Aquela frase continha as palavras necessárias para garantir que a minha noite fosse terrível. Não consegui dormir. Os pensamentos borbulharam intensamente e alguns deles me causaram dor aguda. O passado se personificou dolorosamente em presente e o futuro em uma incerteza amedrontadora.

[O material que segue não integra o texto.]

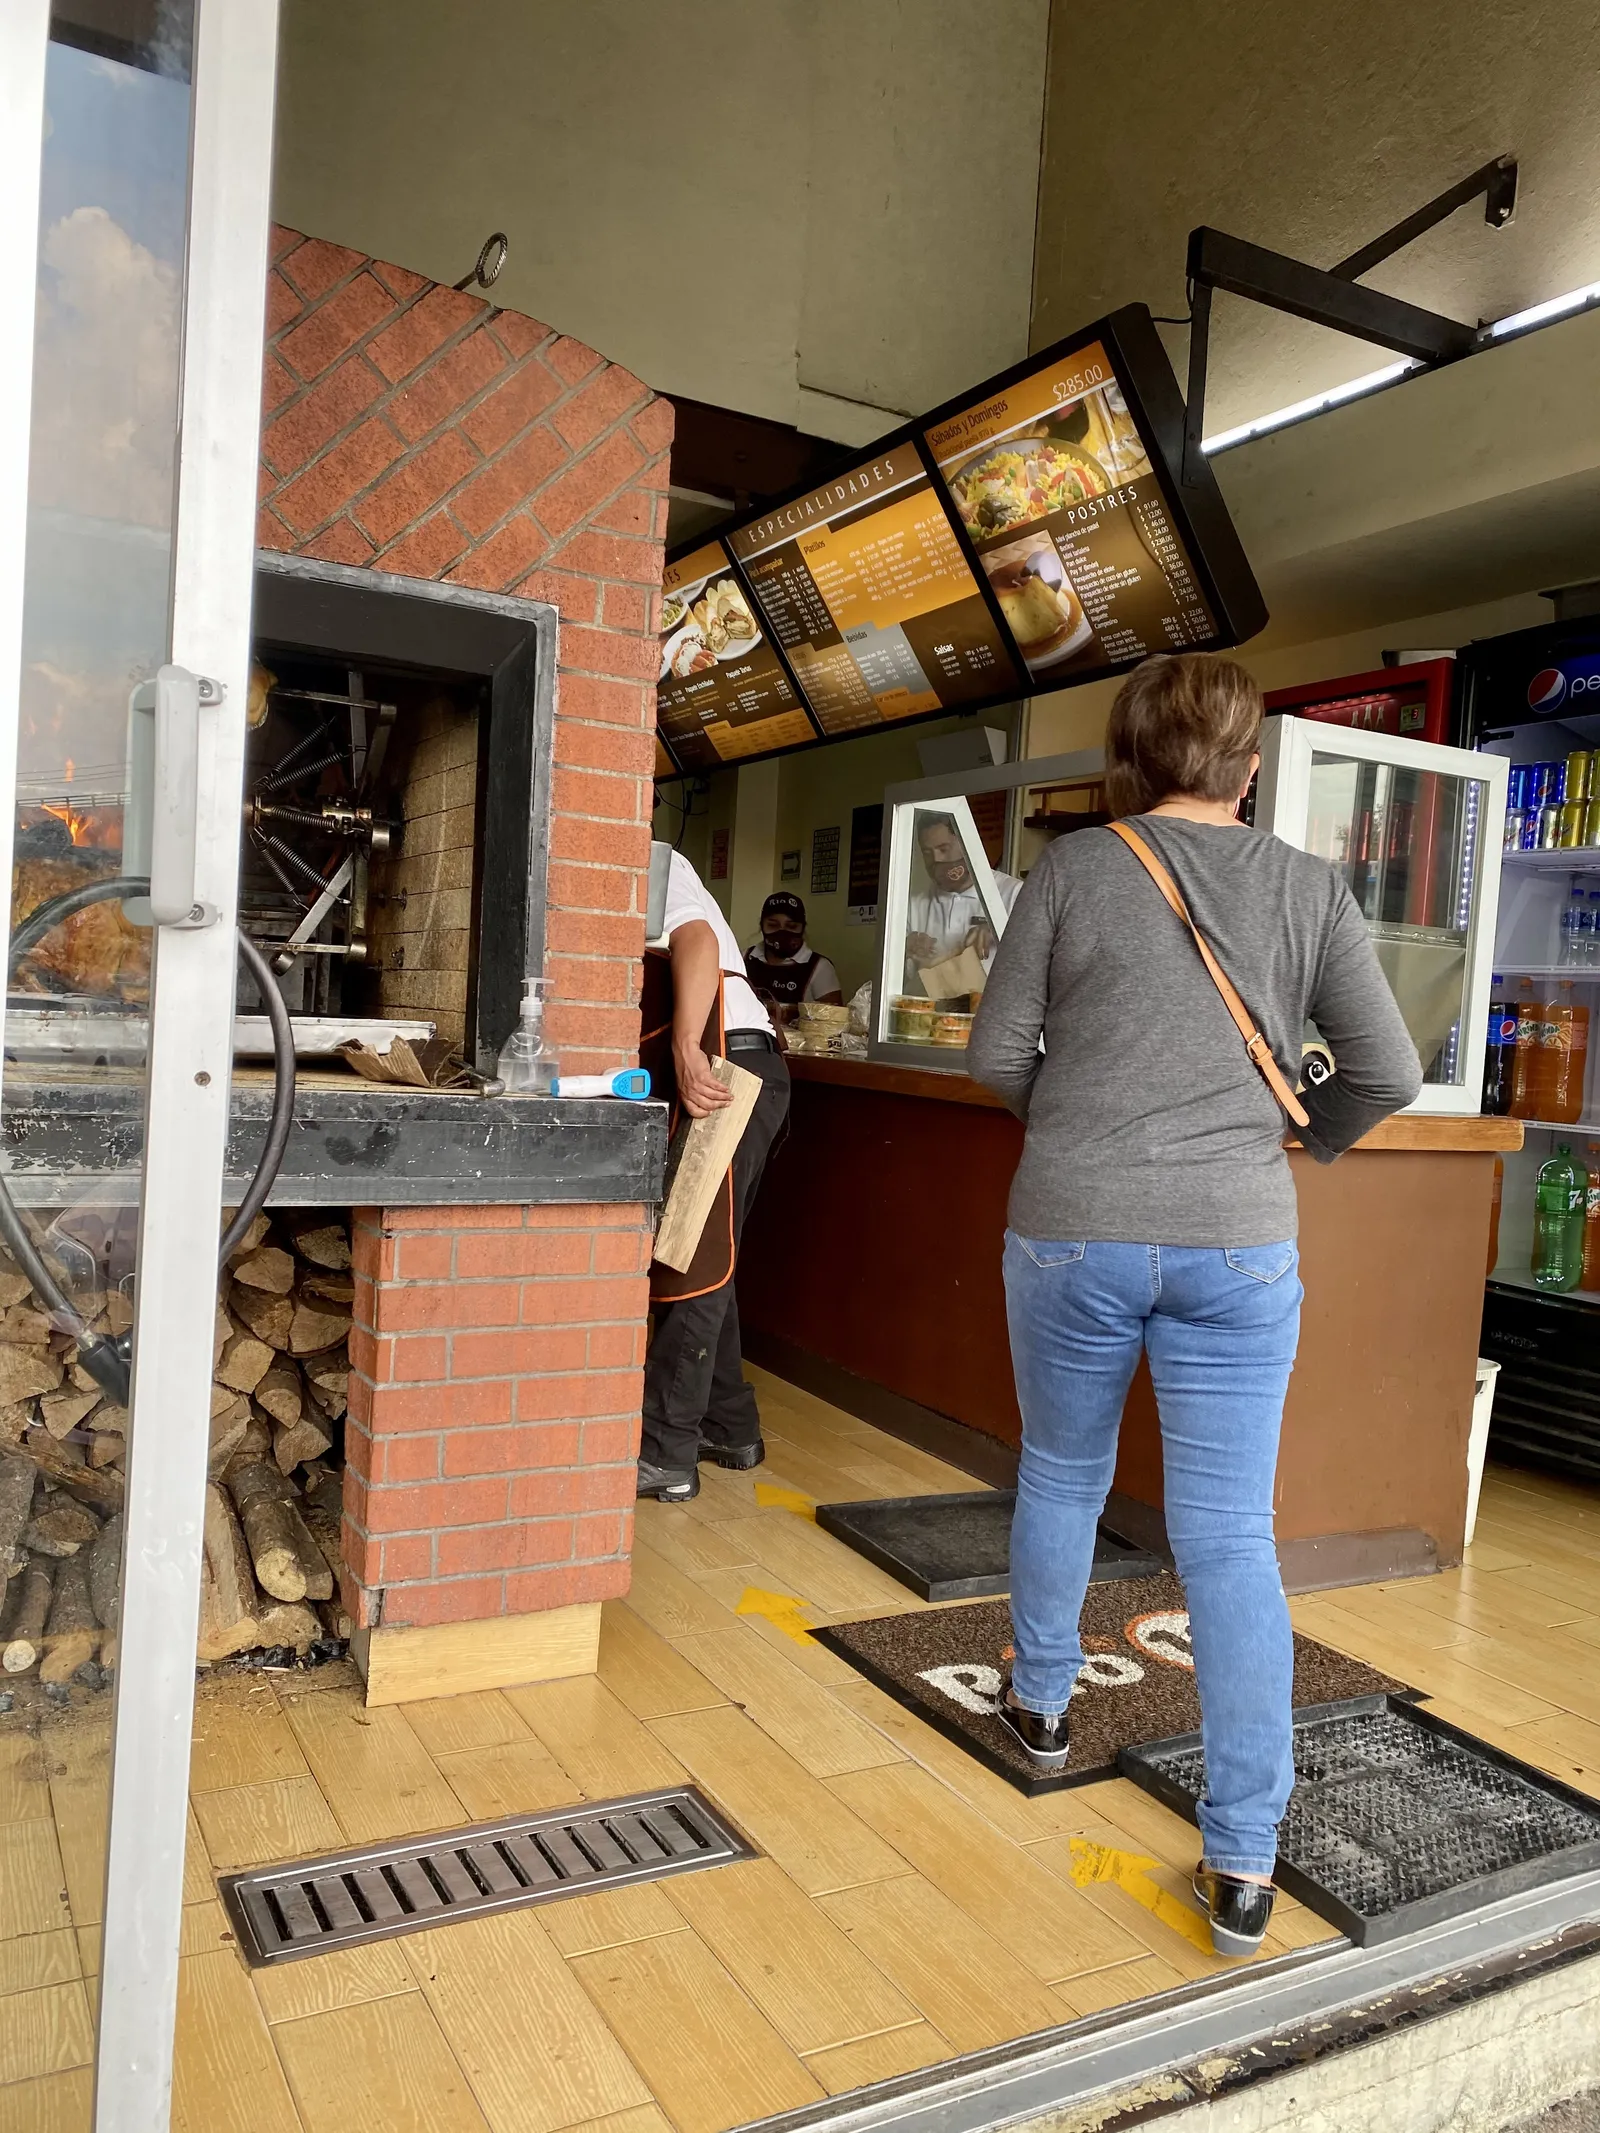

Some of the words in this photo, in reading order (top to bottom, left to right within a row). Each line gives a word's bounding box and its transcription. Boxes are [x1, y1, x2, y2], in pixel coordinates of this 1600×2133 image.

[1052, 365, 1103, 402] $285.00
[931, 424, 962, 447] Sábados
[961, 420, 970, 435] y
[967, 400, 1008, 428] Domingos
[749, 461, 894, 542] ESPECIALIDADES
[1067, 486, 1137, 524] POSTRES
[1143, 499, 1159, 511] 91.00
[1147, 508, 1163, 519] 12.00
[1151, 517, 1166, 527] 46.00
[803, 540, 826, 555] Platillos
[1065, 560, 1076, 568] Pan
[1153, 525, 1169, 536] 24.00
[1161, 543, 1177, 554] 32.00
[1102, 585, 1109, 593] de
[1168, 560, 1184, 571] 36.00
[1175, 576, 1191, 587] 12.00
[1104, 593, 1116, 601] casa
[1171, 568, 1188, 579] 26.00
[1178, 585, 1194, 596] 24.00
[1185, 593, 1198, 602] 7.50
[1188, 607, 1204, 617] 22.00
[1191, 614, 1207, 625] 50.00
[1194, 623, 1210, 633] 25.00
[845, 631, 868, 643] Bebidas
[934, 643, 954, 656] Salsas

Relembrei vividamente o dia no qual recebi a notícia que o meu amado marido não retornaria para nosso lar, para os meus braços.

Era verão e eu estava no nono mês da gestação, John era um amável professor de história (foi assim que nos conhecemos. Ele estava estagiando e eu iniciando o Curso de artes plásticas; Eduard nos apresentara). Ele havia viajado para capital a convite da família Becovitchi, para analisar e palestrar sobre algumas obras expostas no Museu pertencente a família. Tudo fora pago por eles, hotel, passagem aérea e refeições. A sua estadia estava prevista para durar quinze dias. A princípio, John se recusara. Ele estava temeroso de perder o nascimento da nossa tão esperada filha, mas eu insisti que ele fosse. "Dará tempo, amor" foi o que eu lhe dissera, afinal, ele sempre sonhara em palestrar em dos maiores Museu do nosso estado. Infelizmente uma semana depois, alguns homens apareceram em minha porta informando que o meu marido havia sofrido um grave acidente de carro.

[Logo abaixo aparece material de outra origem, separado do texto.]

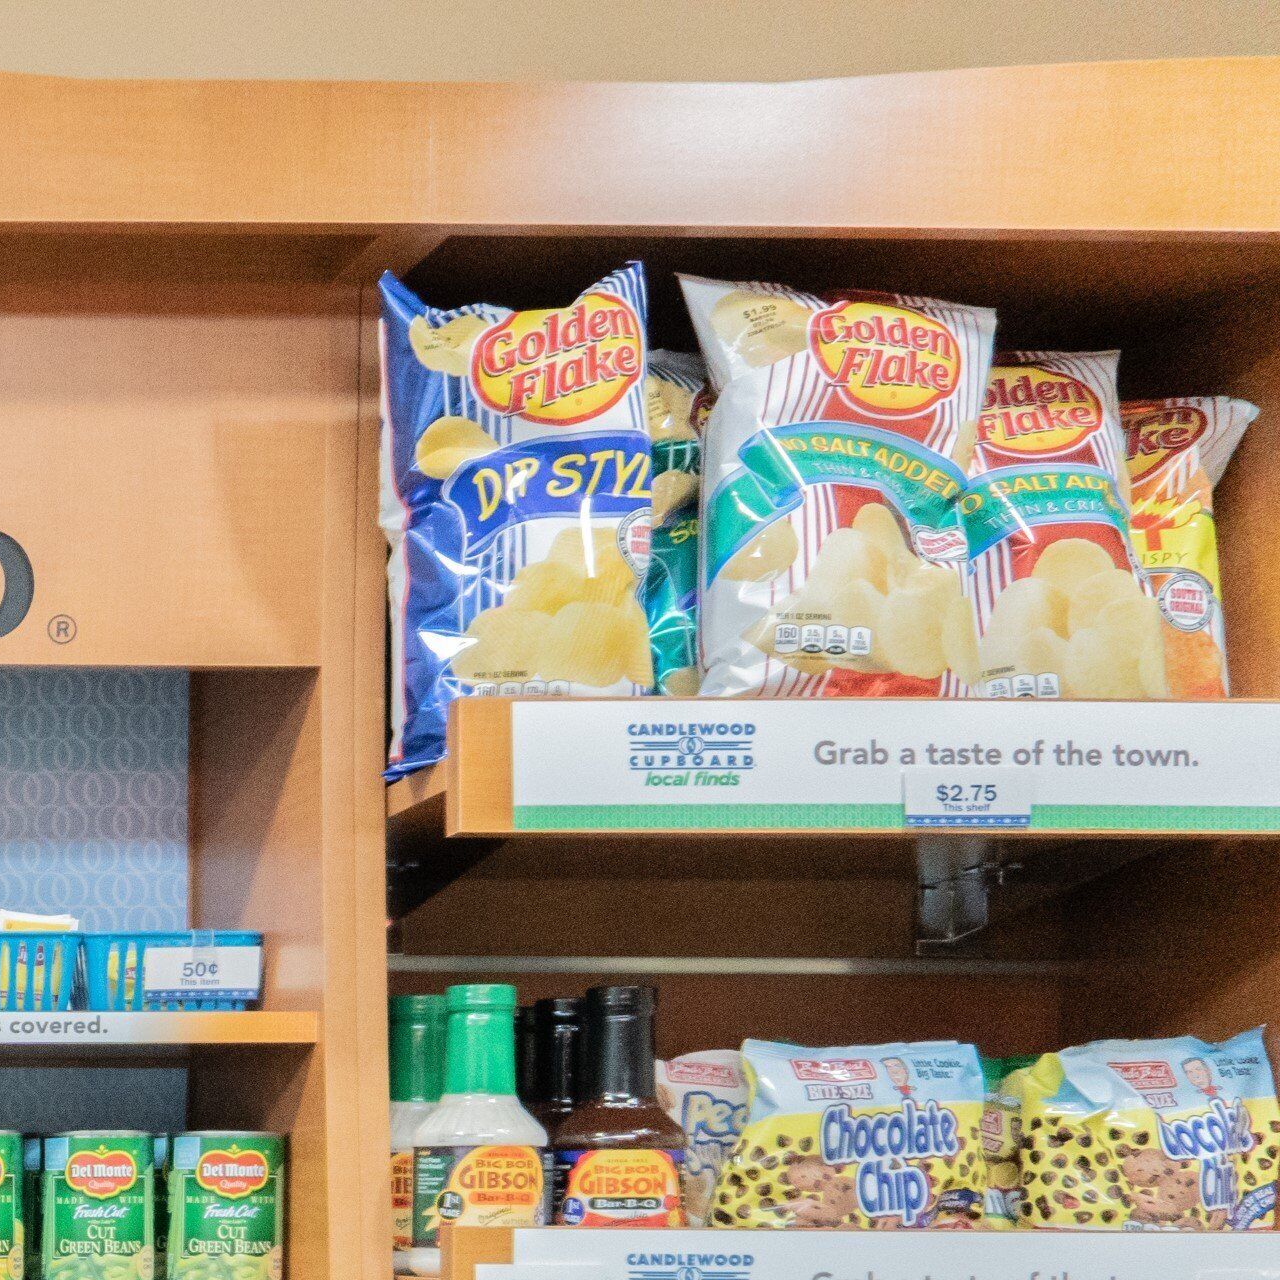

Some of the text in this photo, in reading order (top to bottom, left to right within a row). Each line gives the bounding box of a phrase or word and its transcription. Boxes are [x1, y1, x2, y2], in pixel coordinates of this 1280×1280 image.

Implorei para que me levassem até o local ou que me deixassem vê-lo por uma última vez, mas tudo que me entregaram foram as cinzas do John em um pequeno vaso de prata.

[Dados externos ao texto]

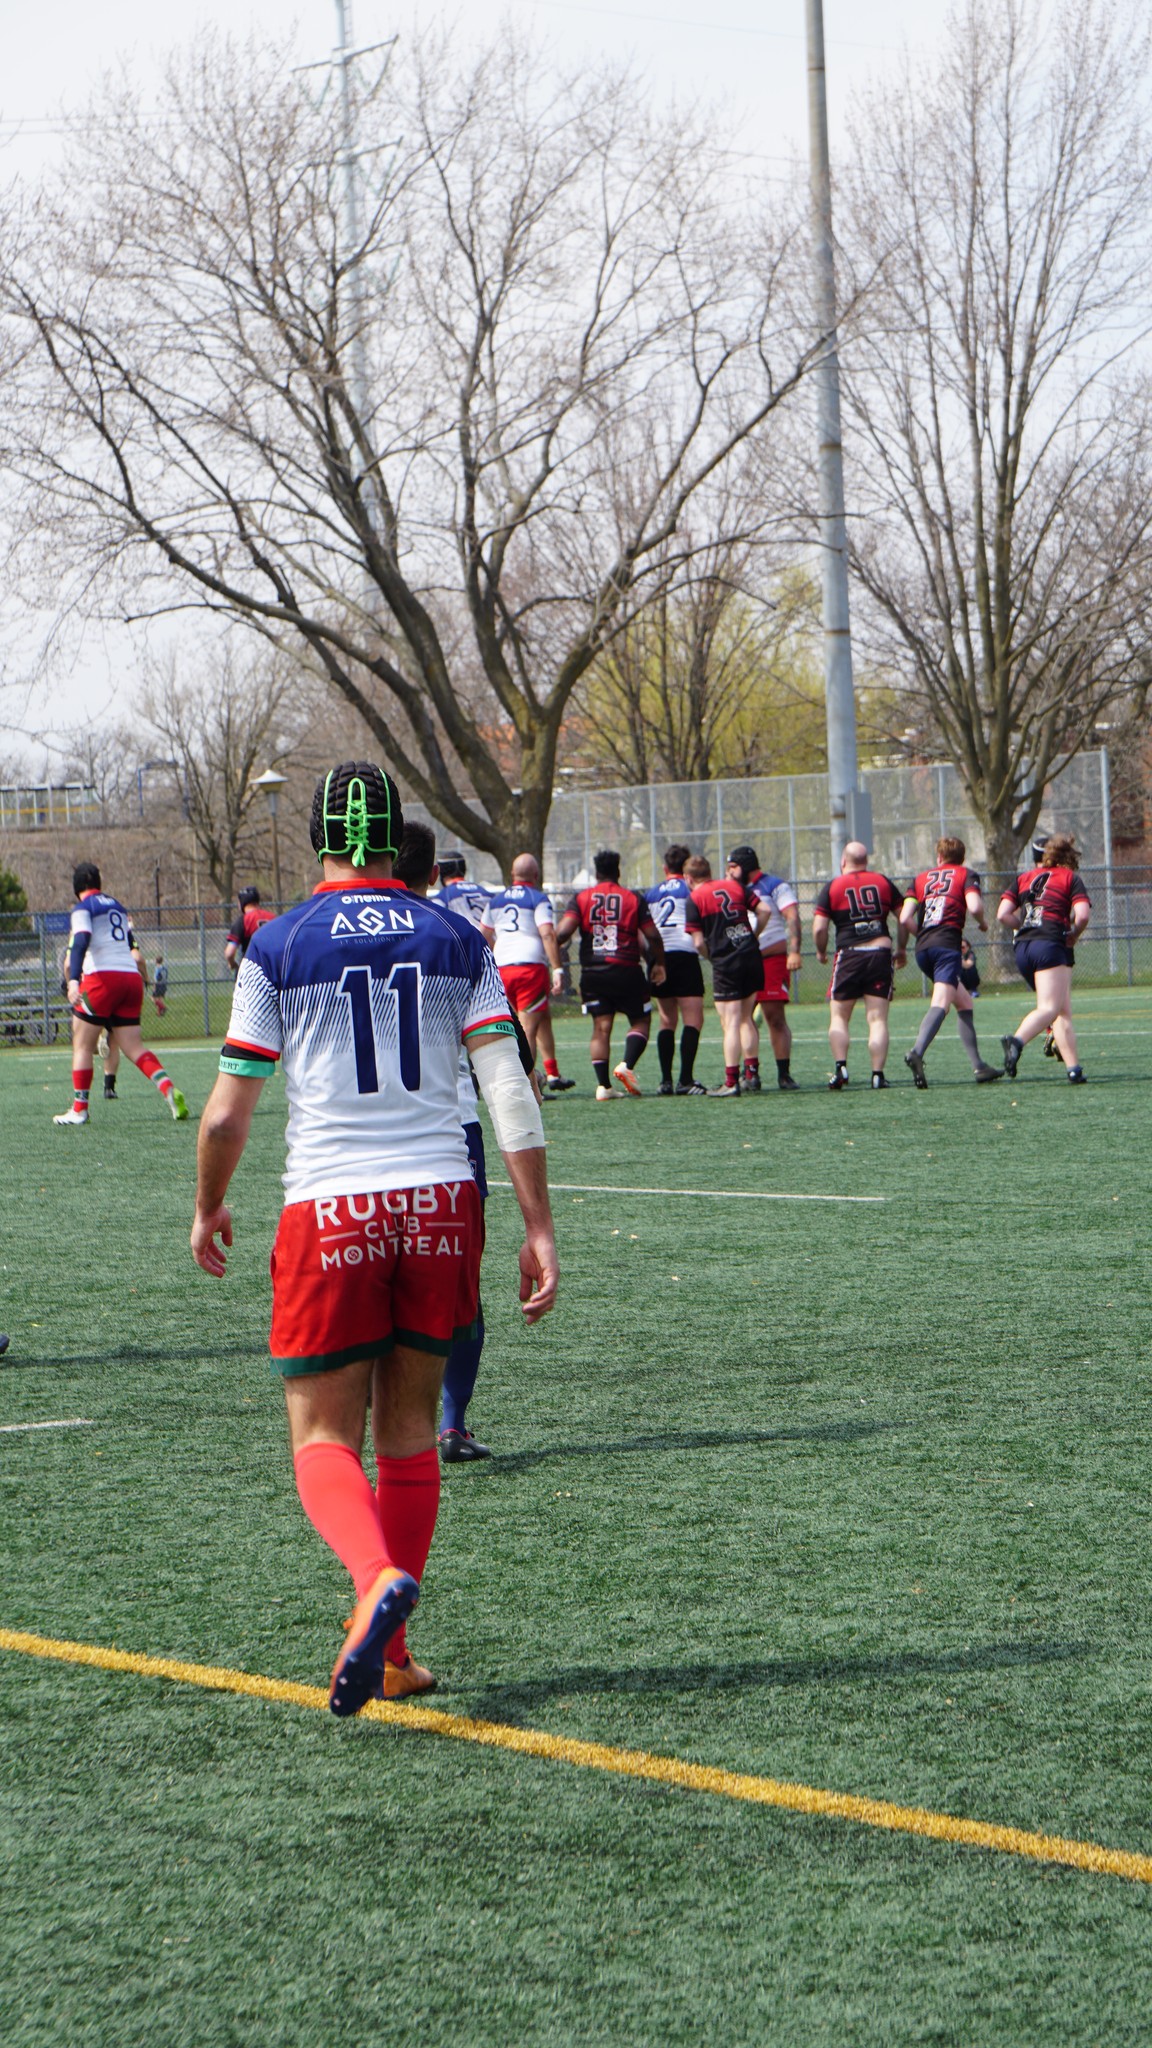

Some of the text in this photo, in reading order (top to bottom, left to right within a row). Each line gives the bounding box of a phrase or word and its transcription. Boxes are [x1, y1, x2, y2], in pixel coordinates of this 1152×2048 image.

Por diversas vezes, tentei contatar Fausto ou alguém da sua família para que me ajudassem a entender o que houve; nunca me receberam.

Não sei o que algumas pessoas pensam a respeitam de uma vida perdida. A família e empresa de Fausto escolheram fingir que o John não havia criado laço, mas ele criou. Começamos a construir uma história, mas ela foi interrompida sem um final digno. A casa que morávamos, ao lado de uma pequena colina, em frente ao mar, pertencia a mim e ao John, todavia, não pude permanecer ali onde havia tantas paredes erguidas em cima de um alicerce conjunto. Abandonei o meu lar.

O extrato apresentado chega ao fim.